Haddad faz campanha como bom moço, fala o que os militantes petitas querem ouvir. Varre para debaixo do tapete a recessão de 2016 e o escândalo da Petrobras. Nos comícios, imita com perfeição a voz de Lula: “Haddad, diz lá pro povo que nós vamos ganhar essa eleição e voltar a governar o país”. A plateia delira. A bem-sucedida operação para transferir os votos de Lula, que manteve sua candidatura até ela ser impugnada pelo pleno do tribunal Superior Eleitoral, já é um “case” de estratégia política e marketing eleitoral. O PT voltou ao seu leito eleitoral. Entretanto, sempre há um porém, ou melhor, uma delação premiada. Desta vez, partiu da Polícia Federal, que negociou com o ex-ministro da Fazenda de Lula e da Casa Civil de Dilma Rousseff Antônio Palocci um acordo de colaboração. O juiz federal Sérgio Moro, da 13ª Vara Federal de Curitiba, quebrou o sigilo de um dos depoimentos. Nele, Palocci entrega o esquema de caixa dois do PT, digamos, o dinheiro da revolução, na ótica de Dirceu e dos petistas para os quais os fins justificariam os meios.

Aposta

Na delação, Palocci diz que o ex-presidente Luiz Inácio Lula da Silva indicou Paulo Roberto Costa para a Petrobras com o objetivo de “garantir ilicitudes” na estatal e usou a empresa para conseguir dinheiro para campanhas do PT com o pré-sal. Disse que as campanhas de Dilma em 2010 e 2014 custaram R$ 1,4 bilhão, muito mais do que o declarado à Justiça Eleitoral. Falou que o MDB exigiu e Lula entregou ao aliado a diretoria de Relações Internacionais da Petrobras. E revelou que, pelo menos 900 das mil medidas provisórias editadas nos governos Lula e Dilma, envolveram propina para serem editadas (na verdade, foram 621 medidas provisórias editadas nos dois governos).

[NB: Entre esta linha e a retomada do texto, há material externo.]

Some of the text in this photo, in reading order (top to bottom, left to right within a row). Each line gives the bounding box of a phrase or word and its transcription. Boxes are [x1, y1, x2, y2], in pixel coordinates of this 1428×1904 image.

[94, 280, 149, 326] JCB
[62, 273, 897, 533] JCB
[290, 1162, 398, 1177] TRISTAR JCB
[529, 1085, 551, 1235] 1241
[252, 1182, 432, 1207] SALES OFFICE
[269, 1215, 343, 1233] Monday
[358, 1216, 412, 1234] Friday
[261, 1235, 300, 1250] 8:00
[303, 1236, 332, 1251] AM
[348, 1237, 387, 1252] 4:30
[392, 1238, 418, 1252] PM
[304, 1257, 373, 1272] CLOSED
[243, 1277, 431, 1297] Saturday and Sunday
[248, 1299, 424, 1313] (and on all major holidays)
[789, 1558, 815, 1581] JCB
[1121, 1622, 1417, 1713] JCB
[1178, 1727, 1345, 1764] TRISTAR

Lula e Dilma negam tudo isso, mas o acordo firmado em abril com a Polícia Federal foi homologado pelo Tribunal Regional Federal da 4ª Região (TRF-4). O ex-ministro se comprometeu em pagar R$ 37,5 milhões como indenização pelos danos penais, cíveis, fiscais e administrativos dos atos que praticou. Preso desde 2016, com uma condenação a 12 anos e dois meses de prisão por corrupção passiva e lavagem de dinheiro, Palocci tentou fechar um acordo com o Ministério Público Federal (MPF) e não conseguiu. O primeiro a saber do acordo com a Polícia Federal foi José Dirceu, confidente do ex-ministro quando estavam juntos na Papuda, em Brasília. Ao contrário de Palocci, o líder petista tomou outro caminho: aposta na vitória do PT nas eleições.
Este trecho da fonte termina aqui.